WORK INSTRUCTION> Please reproduce, exactly and with nothing else, every line from the one containing "this 2212×1659 image." through the last line of the records below.

** Opening MATERIALS PROVIDED block **

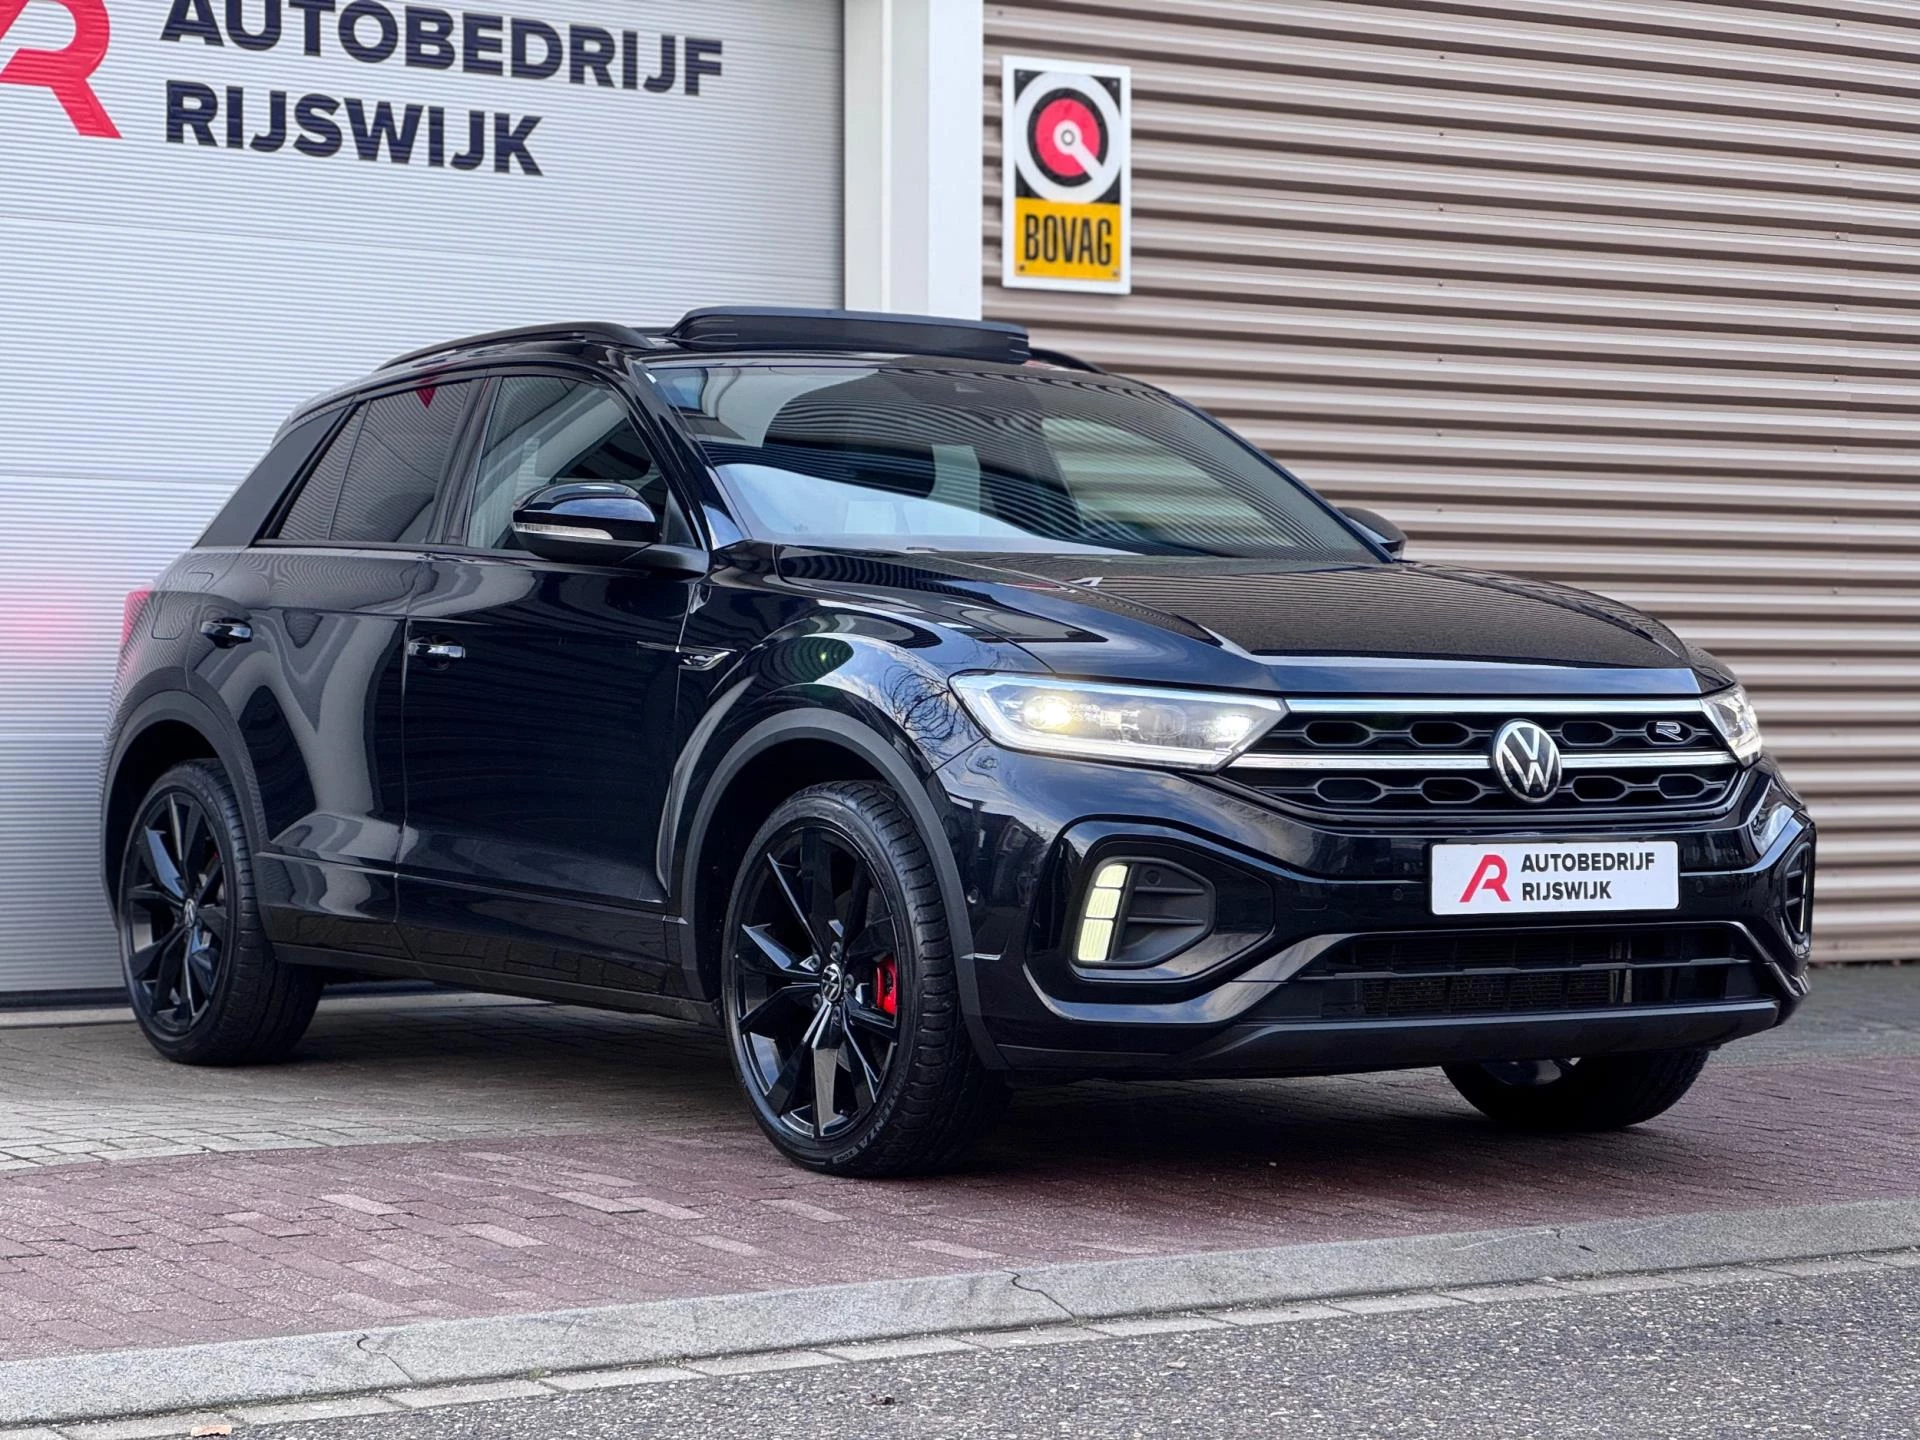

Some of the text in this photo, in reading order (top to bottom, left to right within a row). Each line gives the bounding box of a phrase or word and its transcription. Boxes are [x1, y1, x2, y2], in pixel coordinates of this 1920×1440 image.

[160, 0, 723, 97] AUTOBEDRIJF
[166, 79, 544, 177] RIJSWIJK
[1024, 214, 1112, 266] BOVAG
[1521, 852, 1655, 873] AUTOBEDRIJF
[1522, 881, 1612, 901] RIJSWIJK
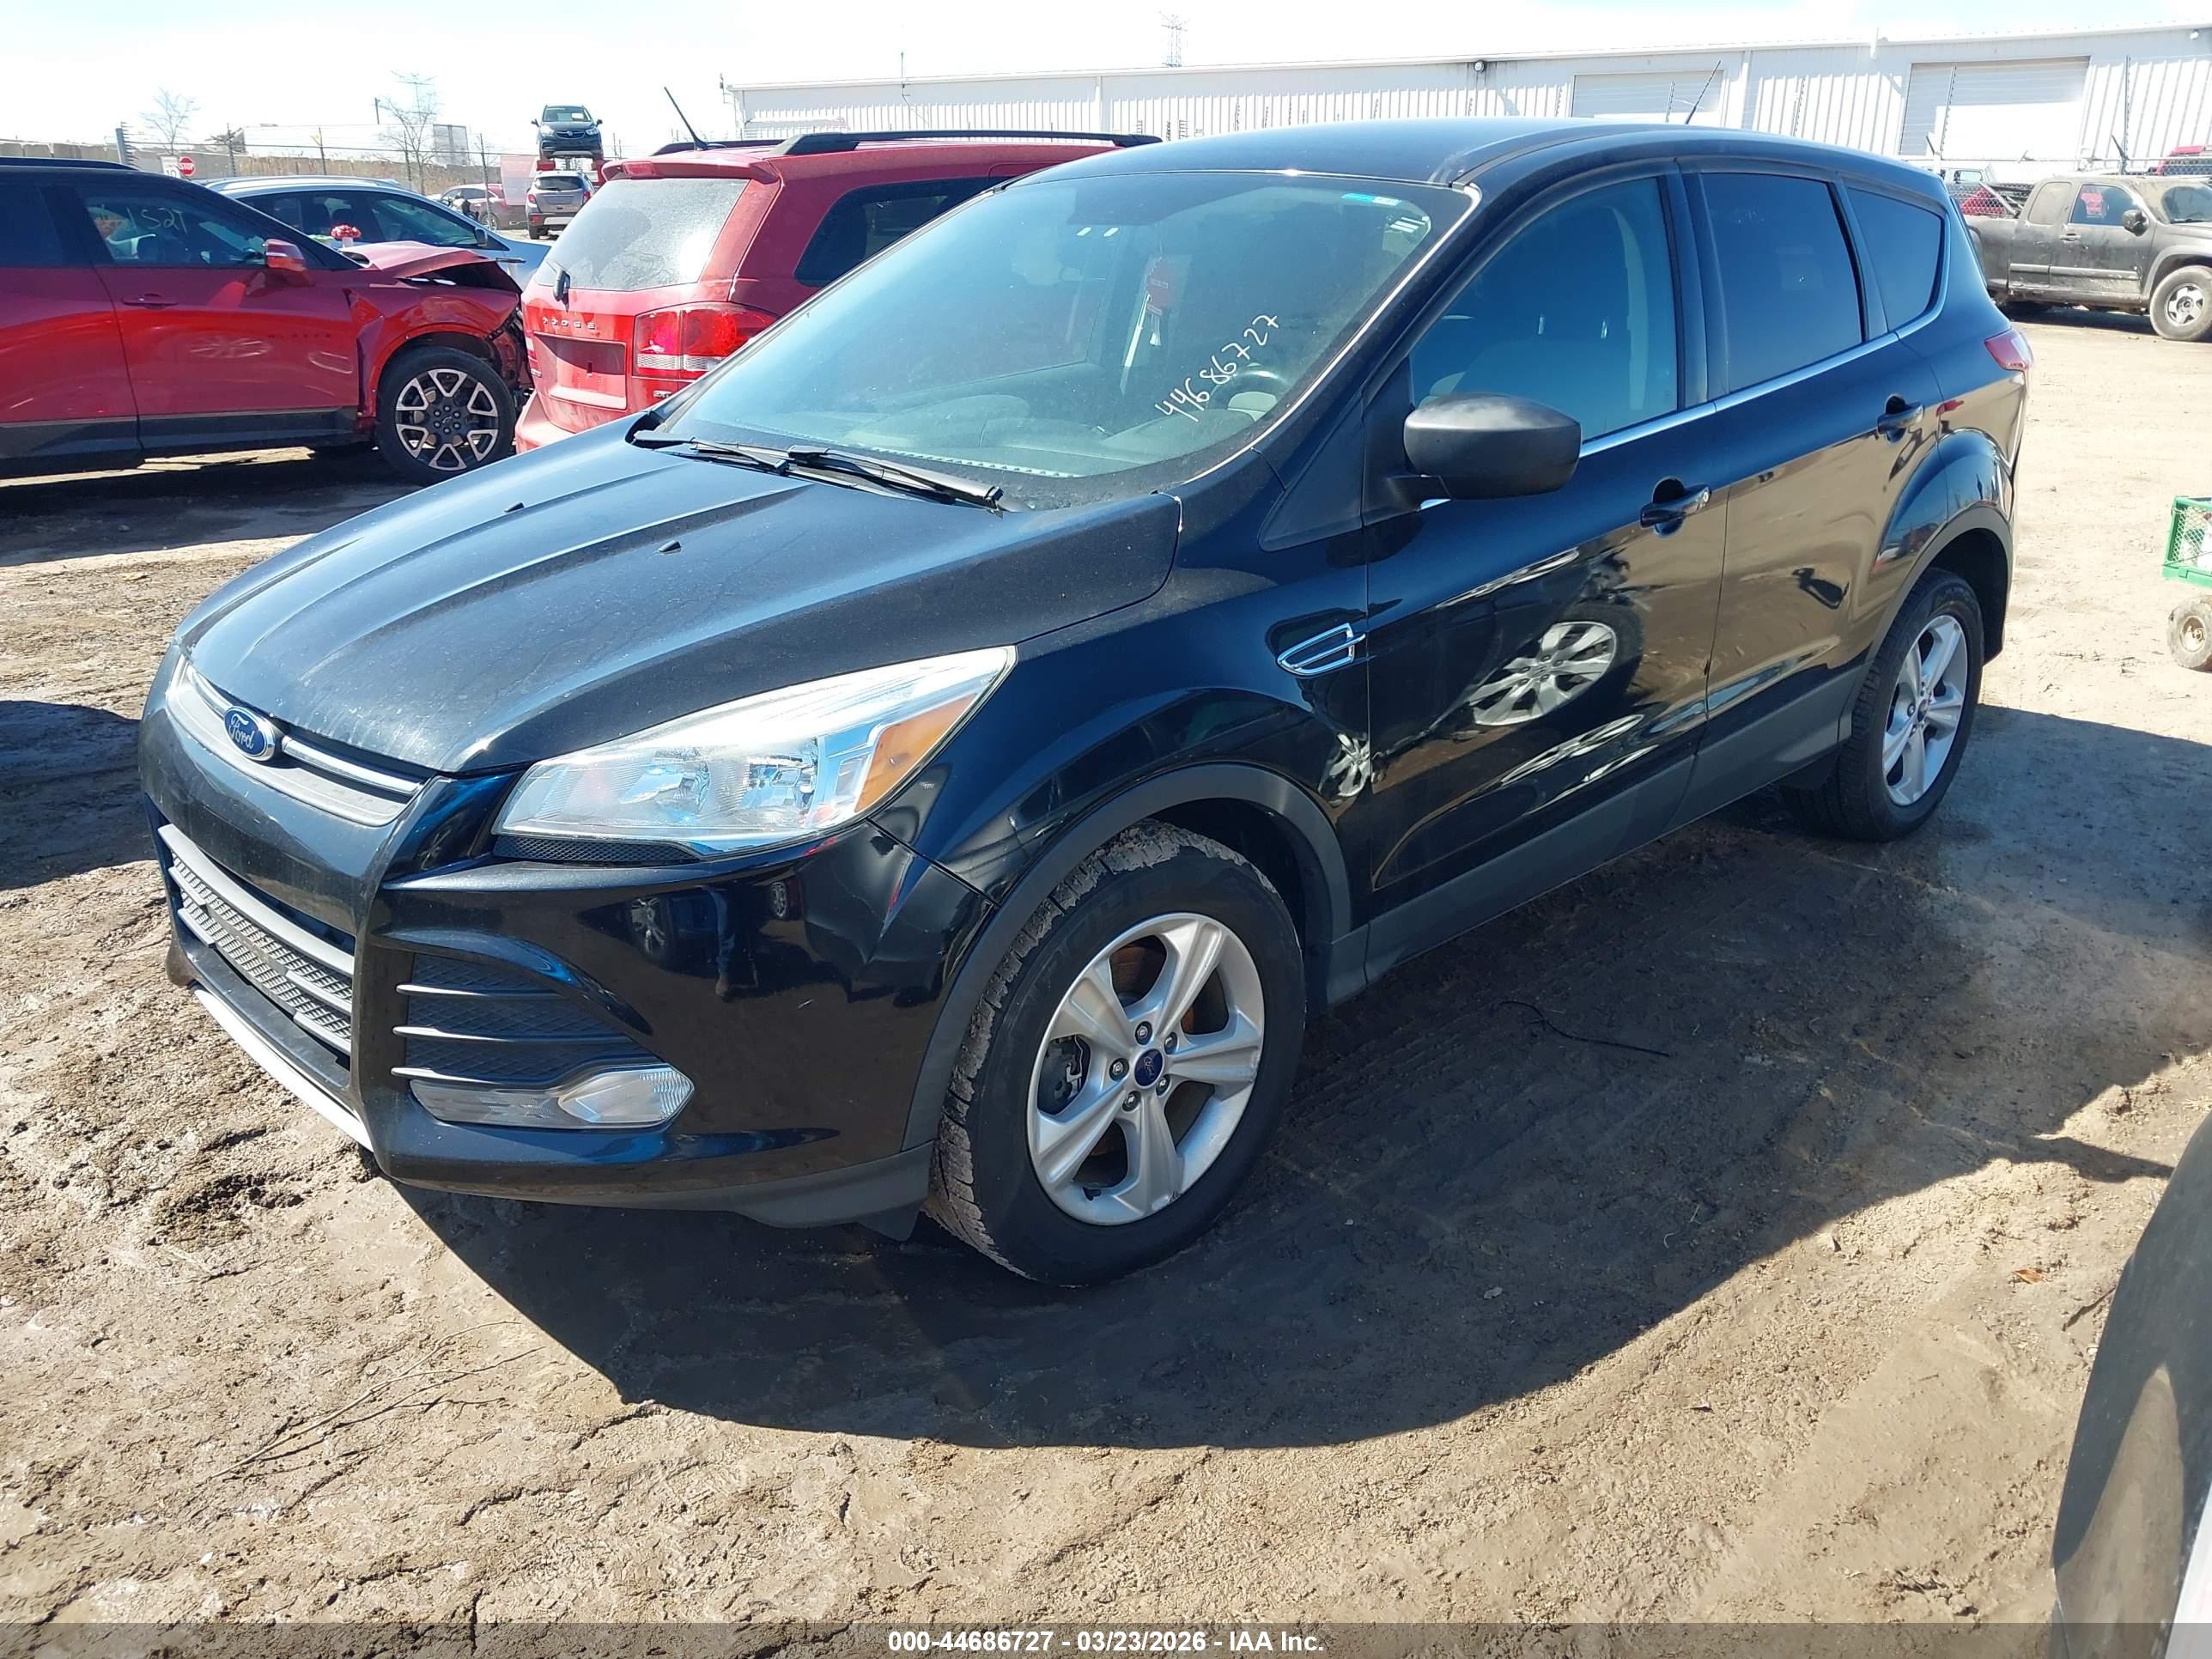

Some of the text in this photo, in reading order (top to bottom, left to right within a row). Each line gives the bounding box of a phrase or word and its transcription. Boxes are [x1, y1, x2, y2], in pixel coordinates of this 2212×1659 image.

[542, 317, 596, 329] DODGE
[1154, 314, 1279, 422] 44686727
[228, 714, 255, 750] Ford

** Closing MATERIALS PROVIDED block **

RESULT OF THIS TASK>
Some of the text in this photo, in reading order (top to bottom, left to right within a row). Each line gives the bounding box of a phrase or word and its transcription. Boxes are [x1, y1, x2, y2], in pixel coordinates of this 2212×1659 image.

[542, 317, 596, 329] DODGE
[1154, 314, 1279, 422] 44686727
[228, 714, 255, 750] Ford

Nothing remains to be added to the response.